Despite the growing number of complaints caused by the use of electronic devices, many people are not taking the initiative to combat this problem.
A typical scene on public transport: most people are now looking at their smartphones. They all tilt their heads down so far that their chins rest on their chests. People who look at their cell phones during work hours often unconsciously lower their gaze to the screen. The discomfort is not immediately noticeable, but it gradually builds up over time. Sports physician, traumatologist, and orthopedist Martin Reschl explains in an interview with “Heute” which pains can only manifest themselves after years and which exercises can help against “cell phone neck.”
Terms such as “cell phone neck” or “tech neck” are becoming increasingly common on social media, yet many users are unaware of what this phenomenon truly entails. “When you hear the term ‘cell phone neck,’ you can assume that it refers to chronic poor posture and strain on the cervical spine,” explains the Viennese orthopedist.
“As the name suggests, poor posture occurs when people constantly look at their cell phones. This causes many people to remain in a forward-bent position. This posture causes certain forces to exert heavy weight on the cervical spine,” adds Reschl. Some people even feel the first symptoms a few weeks or months later, and often don’t think anything of it despite the pain.
The traumatologist emphasizes that many people vastly underestimate the forces acting on the head when it is bent forward. “You can imagine it like this: our head usually weighs four to six kilograms. When you are in an upright position, looking straight ahead, your muscles are well-tensed. Structures such as intervertebral discs and ligaments are not heavily strained during this time. If the head is bent forward by 10 to 15 degrees, the cervical spine is subjected to forces of 10 to 12 kilograms. If the chin is tilted forward by 30 to 40 degrees, the cervical vertebrae are subjected to a load of up to 20 kilograms. If you tilt your chin toward your sternum, you put a load of 30 to 35 kilograms on your cervical spine,” says Reschl.
If you remain in an unnatural position for only a short period, your body can adapt accordingly. If you don’t look up for a long time, you can expect to experience pain from overexertion, which can have far-reaching consequences. The sports physician recommends changing position every ten minutes. It doesn’t matter whether you are sitting or standing: if you change position regularly, your body will not be overloaded.
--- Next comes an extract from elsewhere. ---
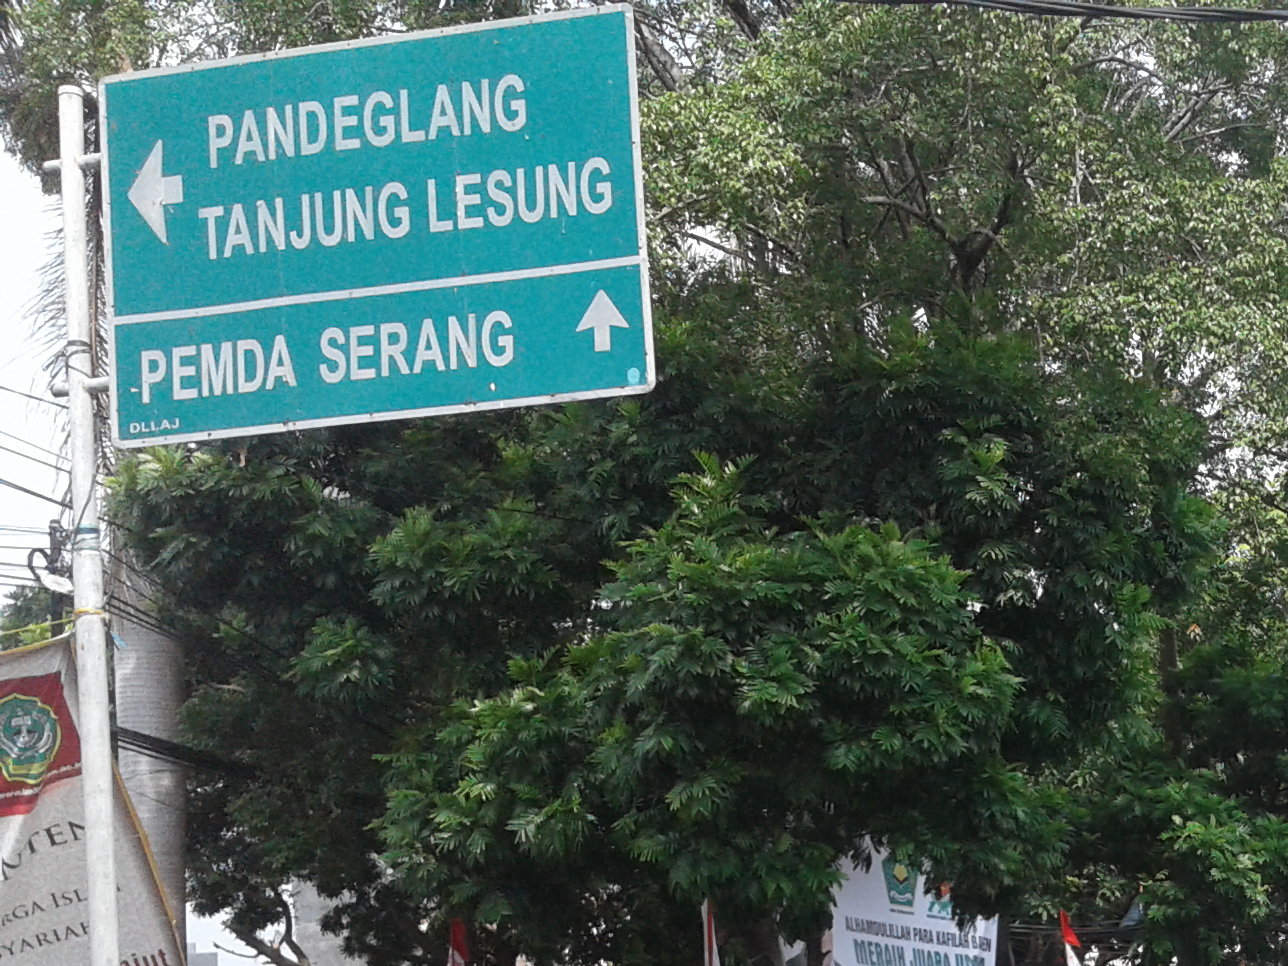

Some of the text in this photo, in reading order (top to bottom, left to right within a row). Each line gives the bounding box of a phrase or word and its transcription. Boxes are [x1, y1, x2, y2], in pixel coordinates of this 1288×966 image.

Anyone who thinks that a hunched back is the only long-term consequence of “cell phone neck” is mistaken. “If passive structures of the body, such as intervertebral discs, ligaments, and nerves, are overloaded, this can lead to herniated discs or premature wear of the small vertebral joints in the cervical spine. This restricts movement and causes severe pain. The discomfort makes it difficult to cope with everyday life and triggers emotions such as frustration. It can also lead to nerve constriction, nerve pain, and tingling in the hands. That’s quite a list of problems that result from it,” warns the orthopedist.
As with many ailments, exercise is the best medicine. For the orthopedist, the most important thing is to integrate small, targeted exercises into everyday life. If the muscles are activated regularly, they can be strengthened accordingly.
The sports doctor recommends three simple exercises that help to strengthen the deep muscles of the cervical spine: “The first exercise is to draw a figure eight in the air with the tip of your nose. Another exercise that strengthens the muscles is to look straight ahead and find a point on the wall. Move your eyes to the right and left without moving your head. Normally, the head always wants to turn in the direction your eyes are looking. This exercise signals the muscles to tense up. For the last exercise, press your chin back with two fingers. This pushes the head back into a normal upright position.” Reschl also recommends that such exercises be done preventively.
In this age, in which children and teenagers are confronted with the digital world at an early age, the traumatologist advocates open dialogue: “Much of it starts in childhood. Children often have more resources and compensation mechanisms than adults, but the problem of chronic complaints begins at an early age and only becomes apparent ten to 20 years later.”
“Adults are role models here. We must act as role models as adults. That is the key. It is essential to educate children about the risks associated with prolonged use of cell phones. This can prevent children from suffering from chronic pain and complaints later in life,” Reschl adds.